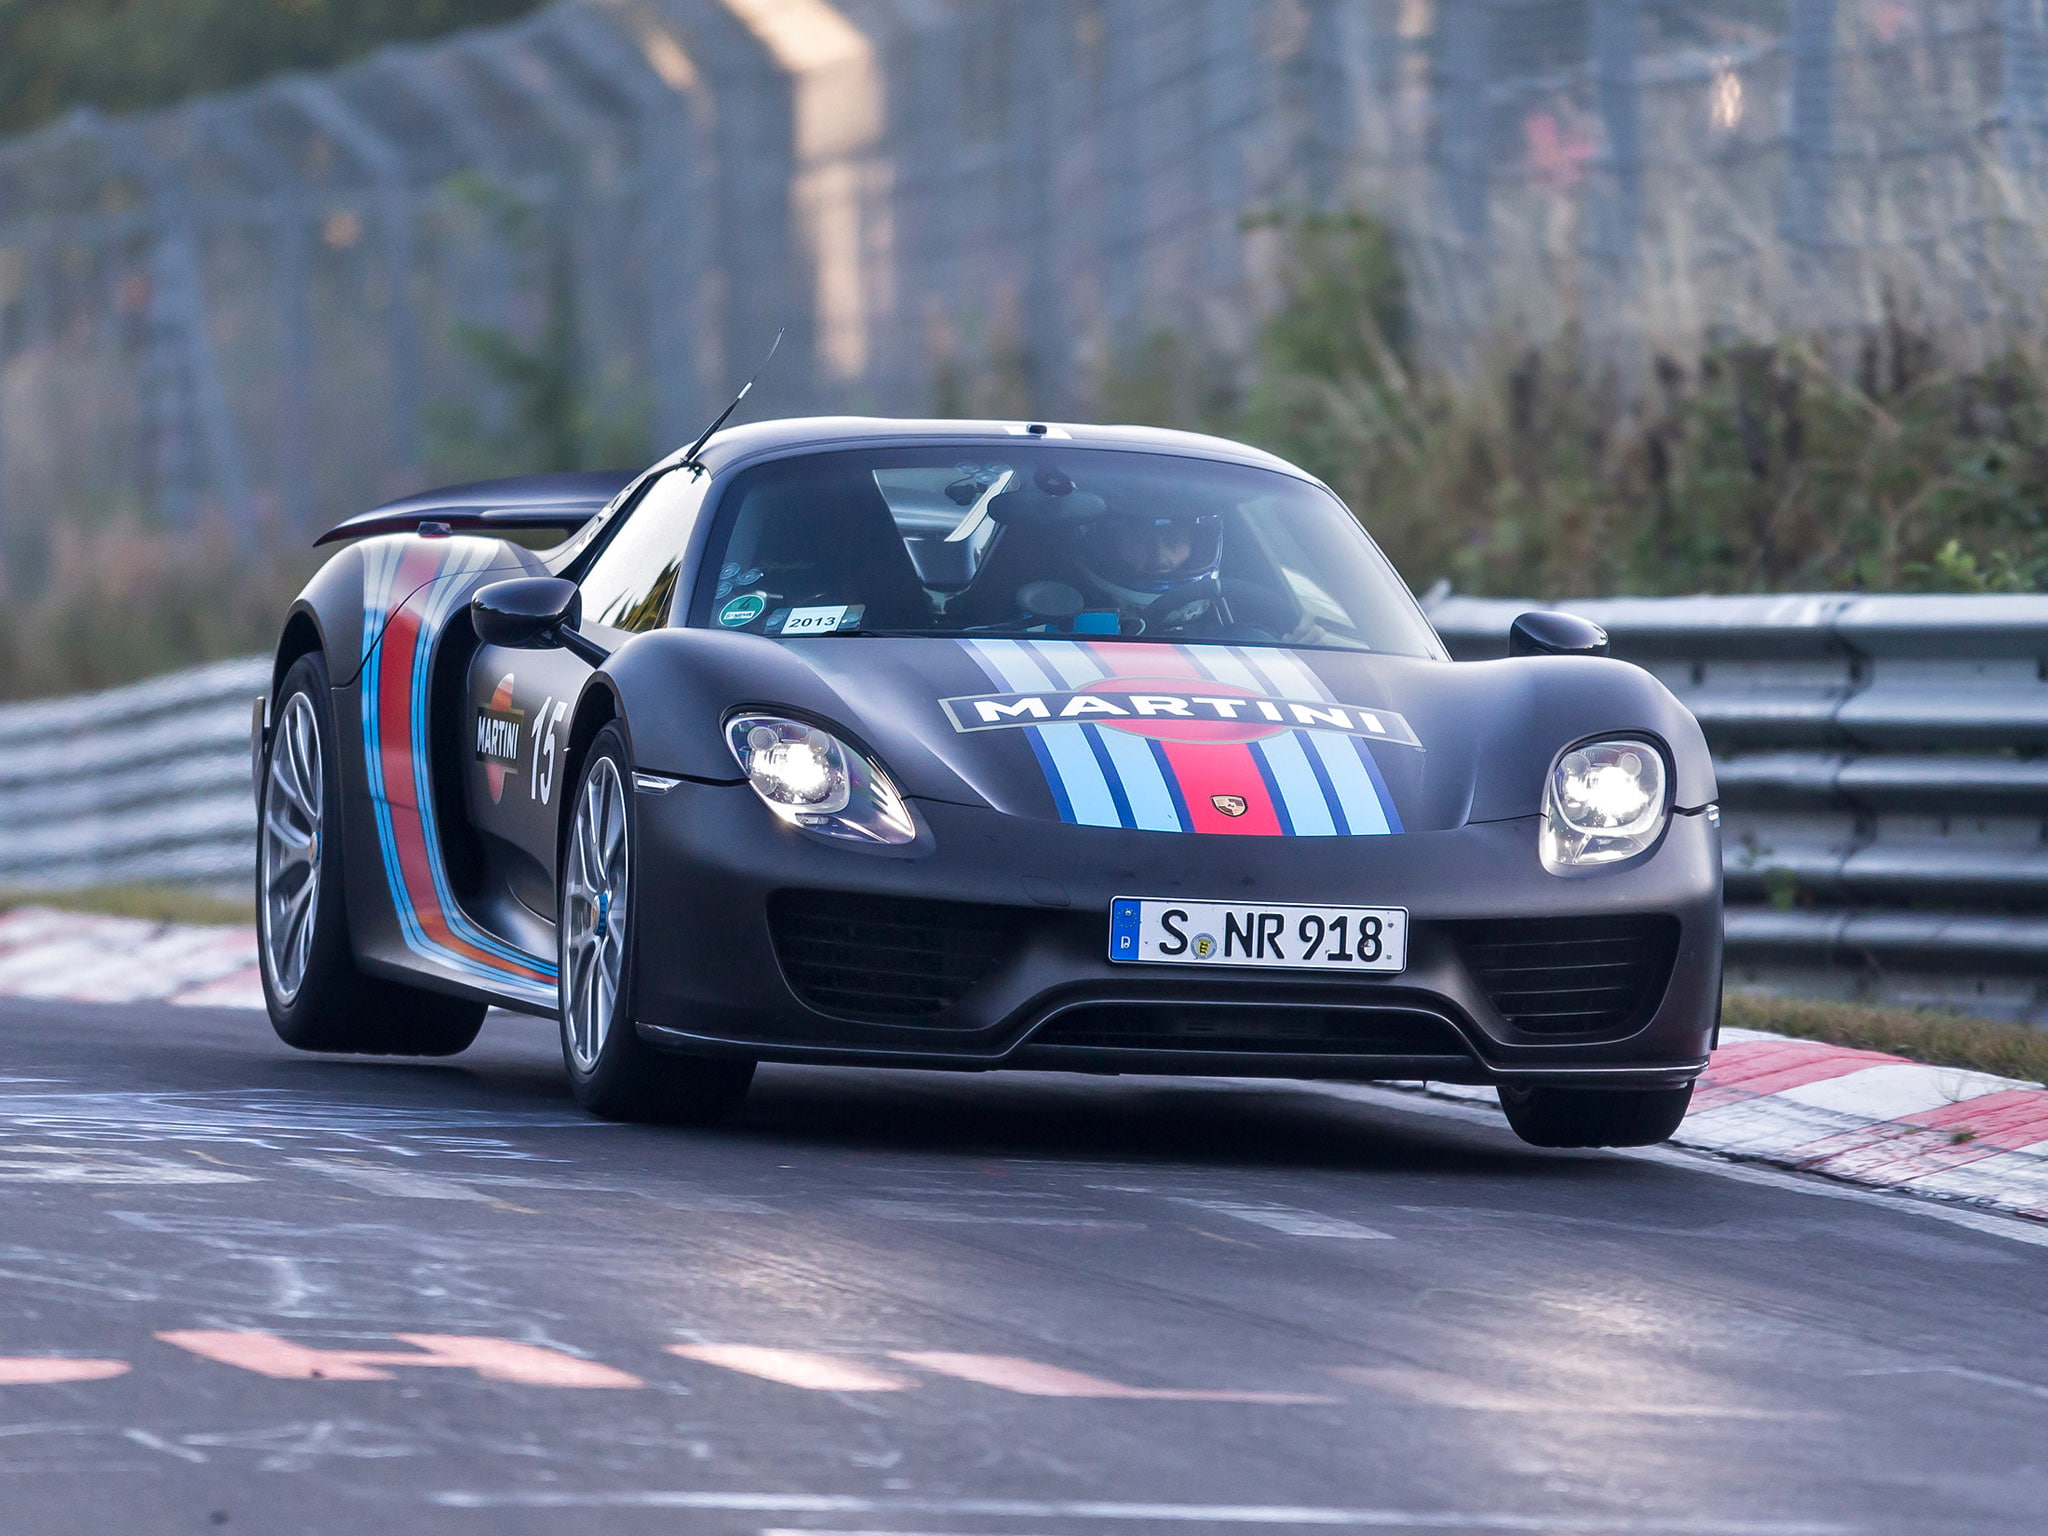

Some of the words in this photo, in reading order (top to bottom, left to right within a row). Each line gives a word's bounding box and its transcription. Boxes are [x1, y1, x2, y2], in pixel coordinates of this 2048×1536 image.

[788, 616, 836, 628] 2013
[973, 695, 1387, 734] MARTINI
[476, 715, 520, 760] MARTINI
[530, 696, 568, 805] 15
[1158, 909, 1189, 956] S
[1224, 911, 1285, 960] NR
[1298, 914, 1384, 963] 918
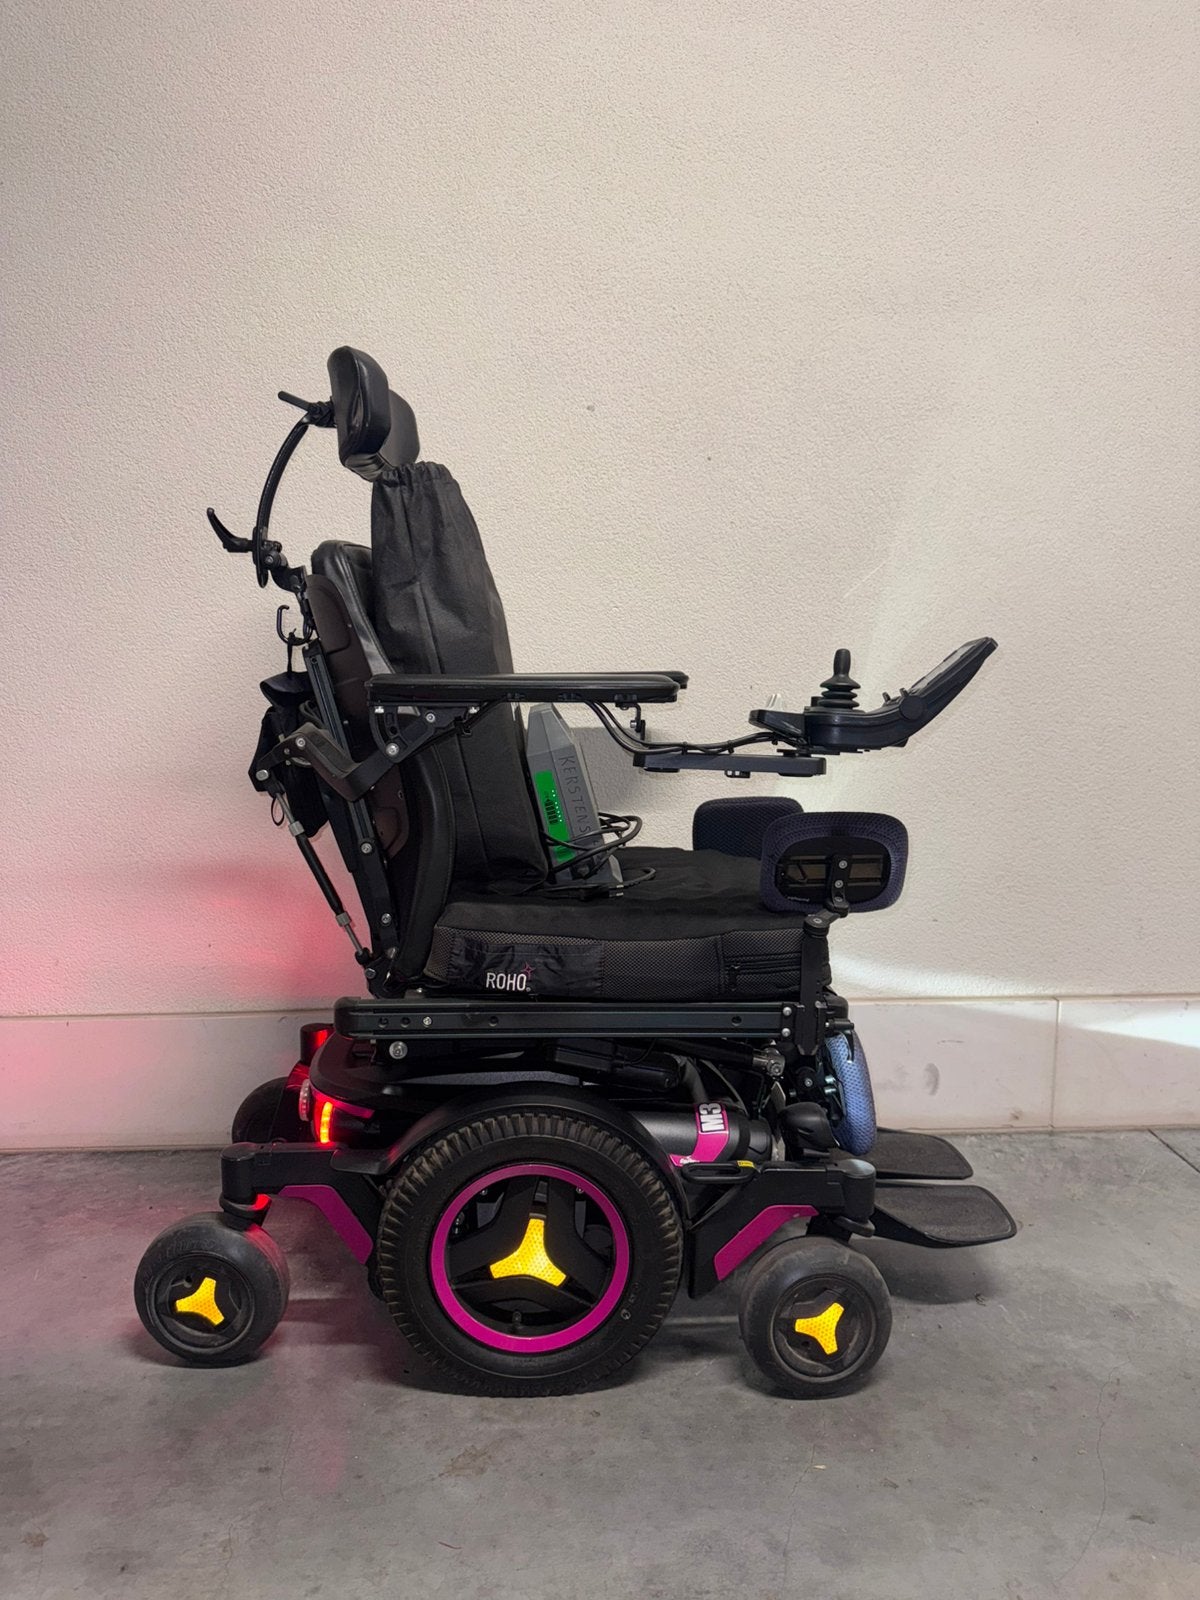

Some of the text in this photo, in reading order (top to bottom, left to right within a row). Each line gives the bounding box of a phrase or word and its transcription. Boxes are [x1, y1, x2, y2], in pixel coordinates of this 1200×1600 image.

···

### WORK ITEM
Output the full material exactly as given, without its pictures.

### ANSWER
Some of the words in this photo, in reading order (top to bottom, left to right within a row). Each line gives a word's bounding box and its transcription. Boxes are [x1, y1, x2, y2], in pixel coordinates of this 2048×1536 image.

[788, 616, 836, 628] 2013
[973, 695, 1387, 734] MARTINI
[476, 715, 520, 760] MARTINI
[530, 696, 568, 805] 15
[1158, 909, 1189, 956] S
[1224, 911, 1285, 960] NR
[1298, 914, 1384, 963] 918

Some of the text in this photo, in reading order (top to bottom, left to right within a row). Each line gives the bounding box of a phrase or word and its transcription. Boxes are [x1, y1, x2, y2], in pixel coordinates of this 1200×1600 image.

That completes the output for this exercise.